Although there are scarce reports of malignancy following CsA use in ophthalmic practice, all of the studies regarding CsA use in ophthalmology have been concerned with clinical outcome rather than development of malignancy. The doses of CsA used in ophthalmic practice are in the same range as many of the studies reporting significant malignancy rates, but the treatment time and, importantly, the follow-up times have been much less.
What is required is a cohort study of CsA use in ophthalmic disease with particular reference to the development of malignancy. Only then can the full risks be weighed against the benefits of CsA. The rate of tumor development with prolonged CsA should be of concern to the ophthalmic community.

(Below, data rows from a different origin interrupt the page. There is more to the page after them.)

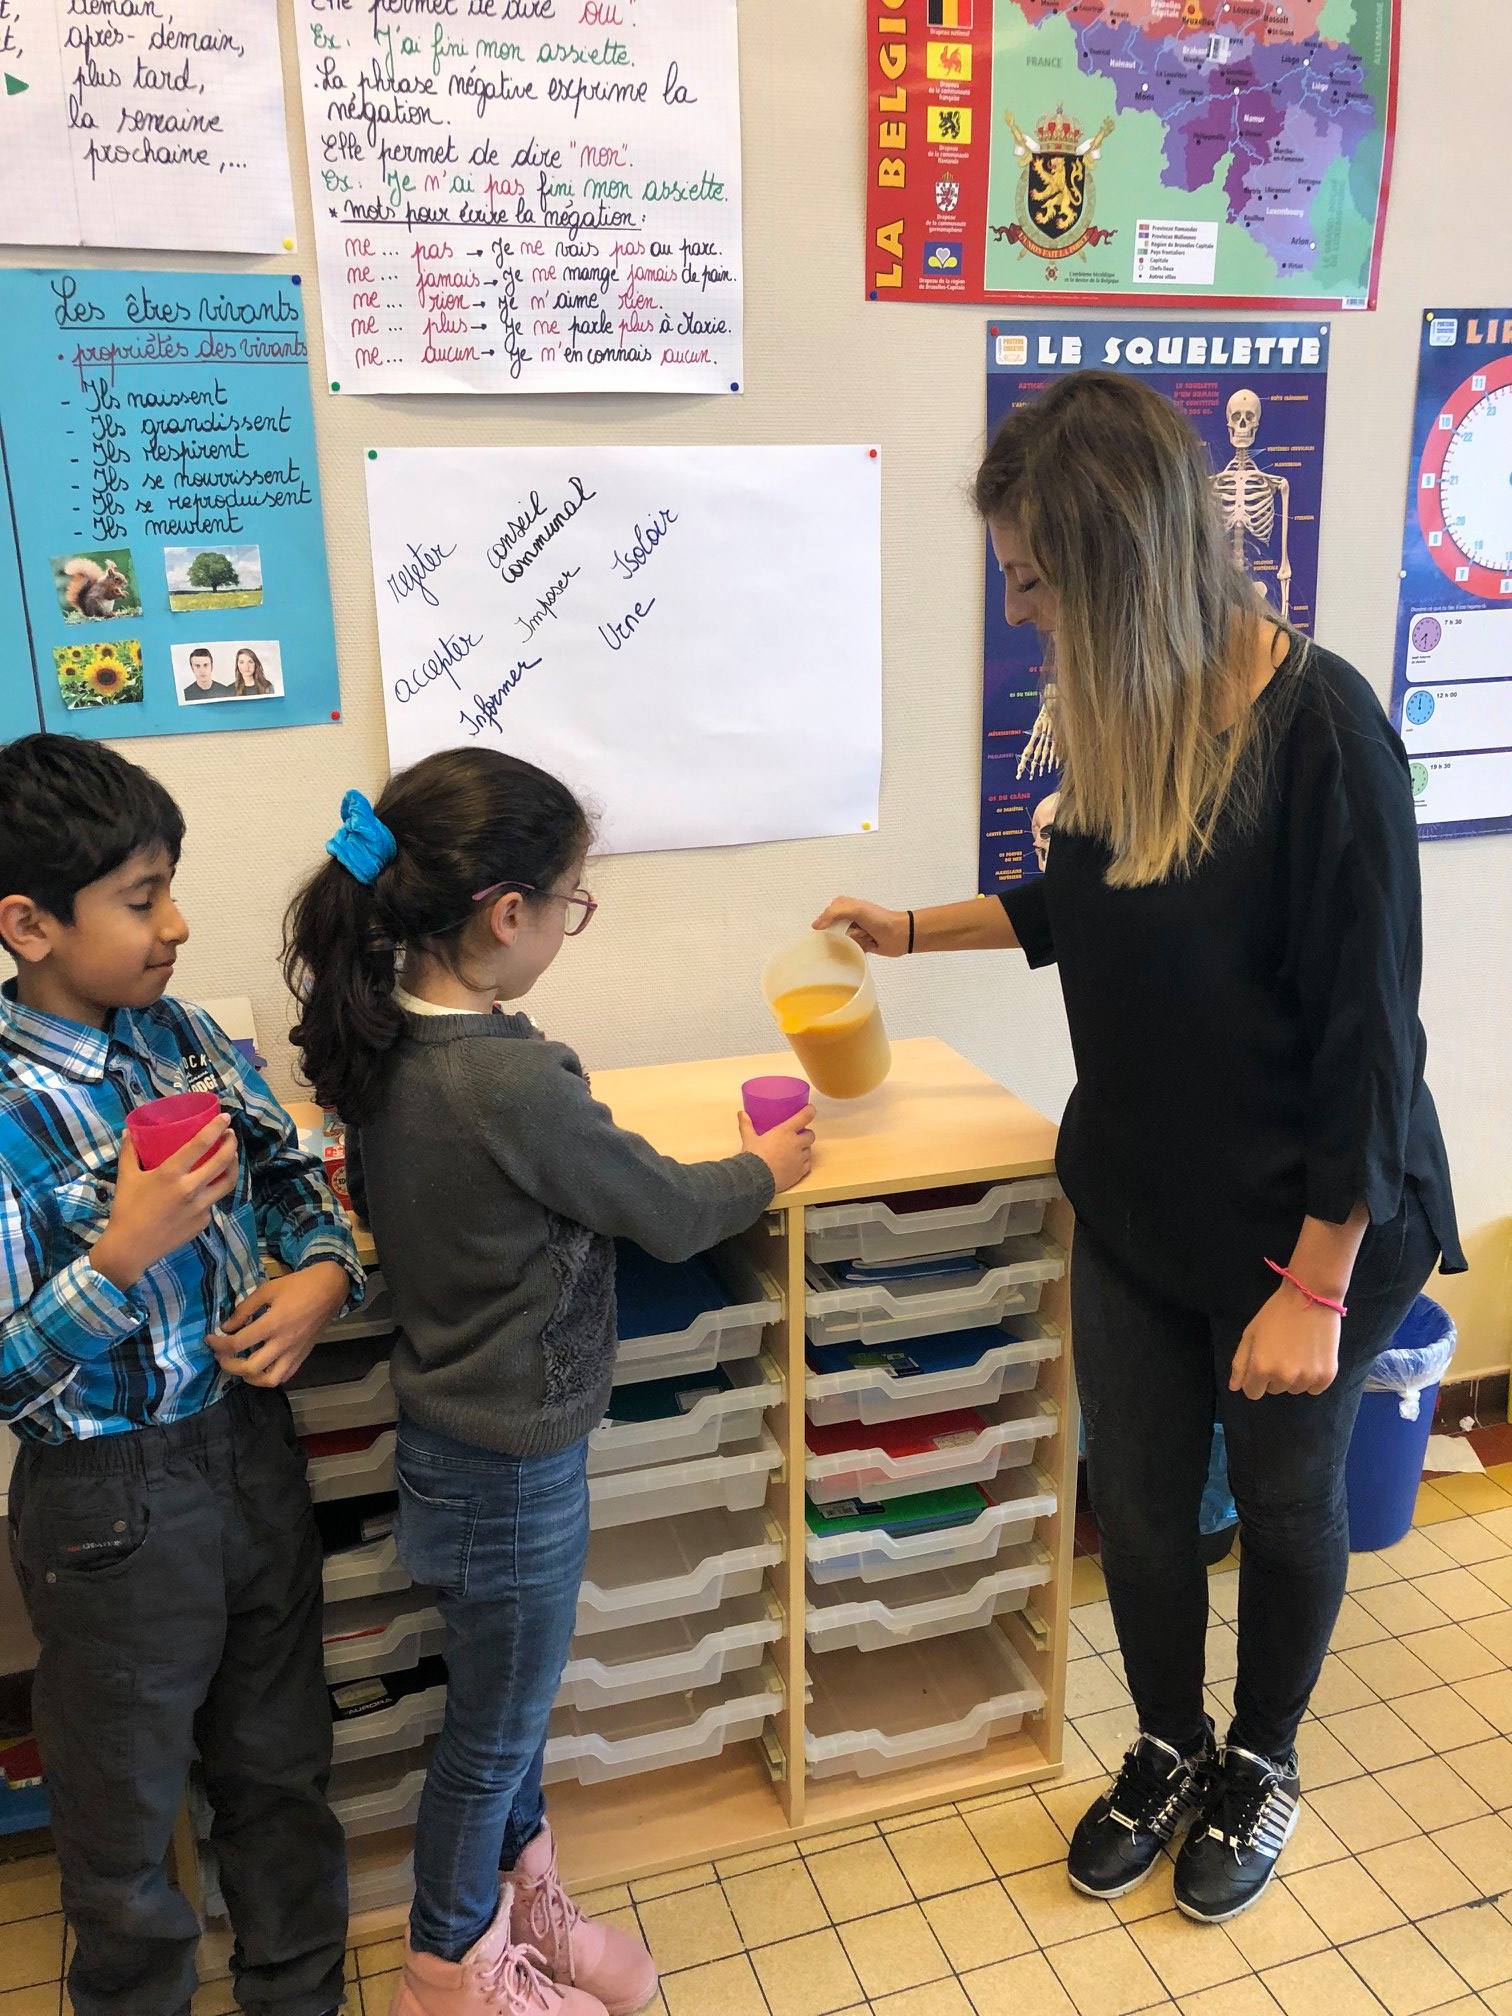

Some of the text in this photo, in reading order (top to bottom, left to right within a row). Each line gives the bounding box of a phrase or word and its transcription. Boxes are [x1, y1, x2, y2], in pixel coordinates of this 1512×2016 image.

[431, 22, 469, 76] fini
[476, 39, 526, 61] mon
[536, 38, 635, 67] assiette.
[1026, 56, 1063, 69] FRANCE
[73, 57, 205, 105] plus tard,
[358, 58, 438, 119] phrase
[449, 66, 538, 118] négative
[548, 77, 648, 119] exprime
[663, 61, 698, 105] la
[67, 95, 224, 133] la semaine
[328, 92, 451, 147] négation.
[321, 131, 365, 162] Elle
[378, 135, 459, 183] permet
[468, 138, 500, 166] de
[511, 136, 562, 168] dire
[388, 169, 416, 207] Je
[484, 174, 525, 212] pas
[537, 170, 575, 212] fini
[583, 178, 632, 200] mon
[642, 170, 728, 202] assiette.
[344, 195, 397, 220] mots
[406, 201, 451, 233] pour
[459, 200, 509, 225] écrire
[516, 197, 537, 224] la
[411, 241, 454, 274] pas
[492, 237, 515, 269] Je
[521, 239, 545, 256] ne
[555, 241, 600, 257] vais
[609, 240, 645, 269] pas
[650, 241, 674, 256] au
[679, 238, 722, 268] parc.
[876, 218, 905, 289] LA
[51, 275, 299, 326] Les êtres vivants
[416, 268, 480, 308] jamais
[502, 267, 525, 297] Je
[532, 266, 557, 282] ne
[563, 266, 619, 294] mange
[627, 264, 678, 297] jamais
[682, 262, 700, 284] de
[702, 265, 737, 292] pain.
[499, 295, 519, 323] Je
[618, 290, 664, 310] rien.
[422, 312, 468, 347] plus
[505, 317, 524, 350] Je
[533, 319, 560, 337] ne
[568, 309, 615, 348] parle
[618, 310, 655, 348] plus
[659, 313, 674, 335] à
[1038, 336, 1082, 364] LE
[1101, 336, 1321, 366] SQUELETTE
[72, 329, 308, 393] propriétés des vivants
[421, 346, 480, 364] aucun
[510, 346, 533, 379] Je
[587, 345, 652, 364] connais
[661, 347, 718, 366] aucun.
[83, 378, 228, 413] Ils naissent
[90, 406, 292, 446] Ils grandissent
[92, 433, 249, 480] Ils respirent
[92, 458, 301, 494] Ils se nourrissent
[91, 481, 312, 519] Ils se reproduisent
[91, 507, 244, 542] Ils meurent
[611, 508, 679, 580] Isoloir
[514, 566, 581, 644] Imposer
[599, 597, 656, 651] Urne
[458, 656, 543, 737] Informer

After thorough examination of the published literature, we propose some recommendations for the assessment of patients who are to be considered for treatment with CsA.
Recommendations
Relative contraindications to the use of CsA should include current or past skin malignancy (except for basal cell carcinoma) and lymphoproliferative disease. A history of remote malignancy should be treated as a cause for concern.
Premalignant conditions such as leukoplakia, monoclonal paraproteinaemia and myelodysplastic syndrome should be excluded.
Before commencing treatment with CsA, patients should be examined for skin malignancy (for SCC and KS) and screened for potential lymphoproliferative disease by enquiring for suggestive symptoms and examination for lymphadenopathy and hepatosplenomegaly.
Whilst undergoing therapy, monitoring should continue for the development of skin tumors and lymphoproliferative disorders.
The presentation of lymphoproliferative disorders can range from tonsillar hyperplasia to frank nodules of internal organs or lymph nodes, in addition, the development of suspicious symptoms such as fever, night sweats and substantial weight loss would warrant further investigation.
Full investigation for lymphoproliferative disease includes computerised tomography (CT) of the chest, abdomen and pelvis and this should be performed if the diagnosis is suggested.
Self-monitoring by the patient is also clearly important and should be encouraged.
Patients should be advised to use a sun screen when exposed to the sun.
Although CsA related malignancy tends to be either of skin or the lymphoproliferative system it should be remembered that other malignancies can develop. Routine screening, especially cervical screening, should be enforced rigorously.
The use of condoms should be actively encouraged in the sexually active patient.
The development of malignancy attributable to CsA can present following discontinuation of its use, so arrangements for follow-up examination should be made for at least 5 years.
The use of minimal effective dosages may reduce the carcinogenic potential of CsA.